→ WHAT IS REQUIRED: Each line from the one containing "this 1600×1200 image." through the last line of the data below is to be written out verbatim, and nothing more.

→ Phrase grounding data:
================================
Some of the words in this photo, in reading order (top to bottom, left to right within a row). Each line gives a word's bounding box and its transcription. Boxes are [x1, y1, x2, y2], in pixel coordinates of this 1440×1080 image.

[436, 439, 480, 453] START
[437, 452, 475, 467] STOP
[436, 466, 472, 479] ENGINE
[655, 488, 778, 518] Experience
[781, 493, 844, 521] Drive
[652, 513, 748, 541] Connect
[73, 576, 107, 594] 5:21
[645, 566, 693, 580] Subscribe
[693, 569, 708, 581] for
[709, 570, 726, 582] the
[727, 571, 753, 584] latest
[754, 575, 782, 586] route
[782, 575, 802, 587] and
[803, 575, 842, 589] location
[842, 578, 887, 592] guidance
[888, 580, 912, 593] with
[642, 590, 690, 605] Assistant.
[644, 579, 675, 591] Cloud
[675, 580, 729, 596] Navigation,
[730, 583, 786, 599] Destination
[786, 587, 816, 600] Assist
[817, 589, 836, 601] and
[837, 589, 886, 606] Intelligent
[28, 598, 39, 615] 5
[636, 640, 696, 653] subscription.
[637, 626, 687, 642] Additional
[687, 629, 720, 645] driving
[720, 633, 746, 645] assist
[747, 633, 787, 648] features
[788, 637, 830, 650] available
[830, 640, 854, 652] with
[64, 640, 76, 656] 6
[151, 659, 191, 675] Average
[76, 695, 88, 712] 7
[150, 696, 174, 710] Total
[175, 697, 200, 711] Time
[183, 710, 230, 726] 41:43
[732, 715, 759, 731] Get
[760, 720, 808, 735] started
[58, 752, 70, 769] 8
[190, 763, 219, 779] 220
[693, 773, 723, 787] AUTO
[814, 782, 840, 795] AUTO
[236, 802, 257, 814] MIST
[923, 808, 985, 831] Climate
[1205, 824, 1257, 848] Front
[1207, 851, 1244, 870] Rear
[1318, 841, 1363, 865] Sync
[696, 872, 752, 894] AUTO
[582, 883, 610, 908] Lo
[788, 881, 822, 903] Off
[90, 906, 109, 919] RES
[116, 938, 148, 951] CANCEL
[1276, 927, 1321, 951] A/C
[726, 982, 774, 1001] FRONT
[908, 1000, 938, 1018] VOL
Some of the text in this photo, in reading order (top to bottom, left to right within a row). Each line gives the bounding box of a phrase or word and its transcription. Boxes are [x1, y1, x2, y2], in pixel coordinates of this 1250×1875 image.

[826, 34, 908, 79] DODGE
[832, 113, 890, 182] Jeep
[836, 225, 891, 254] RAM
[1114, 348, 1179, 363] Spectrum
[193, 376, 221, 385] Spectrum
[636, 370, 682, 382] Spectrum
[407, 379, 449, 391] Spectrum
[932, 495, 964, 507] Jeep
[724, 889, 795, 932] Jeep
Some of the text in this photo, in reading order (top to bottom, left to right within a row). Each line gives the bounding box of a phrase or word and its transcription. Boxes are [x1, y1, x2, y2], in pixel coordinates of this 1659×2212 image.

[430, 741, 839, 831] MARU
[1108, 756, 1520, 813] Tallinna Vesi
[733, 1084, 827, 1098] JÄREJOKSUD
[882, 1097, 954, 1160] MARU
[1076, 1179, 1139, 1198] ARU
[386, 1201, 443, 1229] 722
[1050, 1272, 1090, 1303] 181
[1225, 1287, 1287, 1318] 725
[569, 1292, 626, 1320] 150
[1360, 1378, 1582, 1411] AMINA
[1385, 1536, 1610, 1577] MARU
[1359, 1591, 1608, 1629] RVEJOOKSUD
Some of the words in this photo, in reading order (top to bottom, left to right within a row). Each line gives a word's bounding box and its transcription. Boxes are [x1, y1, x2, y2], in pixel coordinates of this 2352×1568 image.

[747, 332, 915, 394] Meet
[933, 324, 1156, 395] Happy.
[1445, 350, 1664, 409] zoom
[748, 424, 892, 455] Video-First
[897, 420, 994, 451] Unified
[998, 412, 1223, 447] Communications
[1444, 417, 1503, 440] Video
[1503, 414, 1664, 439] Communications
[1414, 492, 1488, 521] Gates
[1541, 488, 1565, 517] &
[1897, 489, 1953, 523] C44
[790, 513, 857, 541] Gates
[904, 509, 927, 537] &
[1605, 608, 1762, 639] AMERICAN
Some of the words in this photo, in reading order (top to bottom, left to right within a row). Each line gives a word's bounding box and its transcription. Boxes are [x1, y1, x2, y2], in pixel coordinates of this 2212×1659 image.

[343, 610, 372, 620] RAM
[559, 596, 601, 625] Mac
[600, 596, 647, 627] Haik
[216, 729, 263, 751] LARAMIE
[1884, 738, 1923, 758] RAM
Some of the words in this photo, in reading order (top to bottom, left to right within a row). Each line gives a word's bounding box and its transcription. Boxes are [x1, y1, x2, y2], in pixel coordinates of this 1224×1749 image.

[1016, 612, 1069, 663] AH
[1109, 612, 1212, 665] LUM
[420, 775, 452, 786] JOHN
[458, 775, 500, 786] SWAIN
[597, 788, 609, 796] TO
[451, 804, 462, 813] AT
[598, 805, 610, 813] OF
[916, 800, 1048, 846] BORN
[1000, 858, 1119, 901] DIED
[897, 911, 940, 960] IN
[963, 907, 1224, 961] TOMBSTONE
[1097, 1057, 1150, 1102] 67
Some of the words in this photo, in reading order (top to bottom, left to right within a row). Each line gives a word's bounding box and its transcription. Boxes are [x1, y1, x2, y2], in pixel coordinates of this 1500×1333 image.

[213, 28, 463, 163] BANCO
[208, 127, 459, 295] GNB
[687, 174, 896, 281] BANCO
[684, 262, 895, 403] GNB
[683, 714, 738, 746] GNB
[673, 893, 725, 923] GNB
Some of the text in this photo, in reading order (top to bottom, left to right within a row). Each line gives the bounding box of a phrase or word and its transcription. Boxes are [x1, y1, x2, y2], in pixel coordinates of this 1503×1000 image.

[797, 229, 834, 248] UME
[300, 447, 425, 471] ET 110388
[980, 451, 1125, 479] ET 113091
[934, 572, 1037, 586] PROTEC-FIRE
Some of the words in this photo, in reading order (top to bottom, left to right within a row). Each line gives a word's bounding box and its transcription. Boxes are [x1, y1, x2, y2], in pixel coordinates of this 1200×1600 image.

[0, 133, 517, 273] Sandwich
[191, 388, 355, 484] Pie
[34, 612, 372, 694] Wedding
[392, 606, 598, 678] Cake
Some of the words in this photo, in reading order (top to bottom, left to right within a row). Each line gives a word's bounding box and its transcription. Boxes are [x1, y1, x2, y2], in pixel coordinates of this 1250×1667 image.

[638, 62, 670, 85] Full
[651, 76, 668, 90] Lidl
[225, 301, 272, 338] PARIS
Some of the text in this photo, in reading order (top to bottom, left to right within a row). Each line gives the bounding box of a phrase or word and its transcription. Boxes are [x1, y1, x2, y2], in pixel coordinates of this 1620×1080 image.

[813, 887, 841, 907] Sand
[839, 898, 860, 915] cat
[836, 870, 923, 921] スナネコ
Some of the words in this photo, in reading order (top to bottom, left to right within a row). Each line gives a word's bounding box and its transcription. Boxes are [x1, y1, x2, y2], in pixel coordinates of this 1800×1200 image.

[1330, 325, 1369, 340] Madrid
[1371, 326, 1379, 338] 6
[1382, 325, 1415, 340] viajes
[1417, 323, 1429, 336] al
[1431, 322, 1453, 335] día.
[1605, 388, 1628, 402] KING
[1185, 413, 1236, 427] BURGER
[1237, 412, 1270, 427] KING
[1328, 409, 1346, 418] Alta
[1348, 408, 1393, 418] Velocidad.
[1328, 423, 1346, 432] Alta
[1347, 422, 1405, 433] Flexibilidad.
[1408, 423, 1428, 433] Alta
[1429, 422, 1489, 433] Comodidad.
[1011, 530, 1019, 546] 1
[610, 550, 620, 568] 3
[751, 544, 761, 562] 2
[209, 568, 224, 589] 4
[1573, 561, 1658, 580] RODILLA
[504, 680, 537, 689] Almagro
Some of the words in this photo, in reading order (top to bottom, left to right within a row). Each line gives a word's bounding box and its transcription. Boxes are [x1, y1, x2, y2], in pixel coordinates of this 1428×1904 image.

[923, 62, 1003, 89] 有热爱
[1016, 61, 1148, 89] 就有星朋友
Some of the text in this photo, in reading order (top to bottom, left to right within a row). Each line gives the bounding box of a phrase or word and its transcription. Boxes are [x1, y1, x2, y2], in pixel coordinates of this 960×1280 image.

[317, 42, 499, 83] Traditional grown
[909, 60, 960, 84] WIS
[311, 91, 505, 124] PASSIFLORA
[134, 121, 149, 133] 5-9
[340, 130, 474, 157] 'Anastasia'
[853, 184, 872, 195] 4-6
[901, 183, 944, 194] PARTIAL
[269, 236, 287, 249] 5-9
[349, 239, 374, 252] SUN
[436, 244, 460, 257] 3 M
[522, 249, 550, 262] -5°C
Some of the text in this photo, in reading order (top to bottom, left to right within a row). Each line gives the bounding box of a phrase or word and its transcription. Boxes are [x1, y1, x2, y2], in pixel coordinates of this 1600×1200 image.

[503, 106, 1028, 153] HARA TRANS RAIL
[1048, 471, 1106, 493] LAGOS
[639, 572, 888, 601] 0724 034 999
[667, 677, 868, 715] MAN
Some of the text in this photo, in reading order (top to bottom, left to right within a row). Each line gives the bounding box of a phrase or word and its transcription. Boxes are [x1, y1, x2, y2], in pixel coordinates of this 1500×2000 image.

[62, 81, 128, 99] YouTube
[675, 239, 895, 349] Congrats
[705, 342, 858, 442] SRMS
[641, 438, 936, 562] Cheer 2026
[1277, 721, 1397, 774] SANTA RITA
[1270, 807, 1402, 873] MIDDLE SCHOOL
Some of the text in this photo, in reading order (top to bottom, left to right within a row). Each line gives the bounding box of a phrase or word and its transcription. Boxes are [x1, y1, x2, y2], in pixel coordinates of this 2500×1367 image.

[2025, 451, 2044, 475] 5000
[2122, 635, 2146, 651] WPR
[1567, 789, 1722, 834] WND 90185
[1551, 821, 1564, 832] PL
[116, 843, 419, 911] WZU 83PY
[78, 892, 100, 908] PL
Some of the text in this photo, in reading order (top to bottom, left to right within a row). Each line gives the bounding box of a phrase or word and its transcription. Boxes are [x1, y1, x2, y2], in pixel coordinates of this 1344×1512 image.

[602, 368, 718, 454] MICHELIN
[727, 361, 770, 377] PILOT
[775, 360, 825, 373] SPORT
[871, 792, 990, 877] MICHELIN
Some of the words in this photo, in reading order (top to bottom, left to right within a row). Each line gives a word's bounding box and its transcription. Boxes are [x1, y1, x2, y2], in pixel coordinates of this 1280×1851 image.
================================
→ EXERCISE RESPONSE:
Some of the text in this photo, in reading order (top to bottom, left to right within a row). Each line gives the bounding box of a phrase or word and its transcription. Boxes are [x1, y1, x2, y2], in pixel coordinates of this 1600×1200 image.

[503, 106, 1028, 153] HARA TRANS RAIL
[1048, 471, 1106, 493] LAGOS
[639, 572, 888, 601] 0724 034 999
[667, 677, 868, 715] MAN
Some of the text in this photo, in reading order (top to bottom, left to right within a row). Each line gives the bounding box of a phrase or word and its transcription. Boxes are [x1, y1, x2, y2], in pixel coordinates of this 1500×2000 image.

[62, 81, 128, 99] YouTube
[675, 239, 895, 349] Congrats
[705, 342, 858, 442] SRMS
[641, 438, 936, 562] Cheer 2026
[1277, 721, 1397, 774] SANTA RITA
[1270, 807, 1402, 873] MIDDLE SCHOOL
Some of the text in this photo, in reading order (top to bottom, left to right within a row). Each line gives the bounding box of a phrase or word and its transcription. Boxes are [x1, y1, x2, y2], in pixel coordinates of this 2500×1367 image.

[2025, 451, 2044, 475] 5000
[2122, 635, 2146, 651] WPR
[1567, 789, 1722, 834] WND 90185
[1551, 821, 1564, 832] PL
[116, 843, 419, 911] WZU 83PY
[78, 892, 100, 908] PL
Some of the text in this photo, in reading order (top to bottom, left to right within a row). Each line gives the bounding box of a phrase or word and its transcription. Boxes are [x1, y1, x2, y2], in pixel coordinates of this 1344×1512 image.

[602, 368, 718, 454] MICHELIN
[727, 361, 770, 377] PILOT
[775, 360, 825, 373] SPORT
[871, 792, 990, 877] MICHELIN
Some of the words in this photo, in reading order (top to bottom, left to right within a row). Each line gives a word's bounding box and its transcription. Boxes are [x1, y1, x2, y2], in pixel coordinates of this 1280×1851 image.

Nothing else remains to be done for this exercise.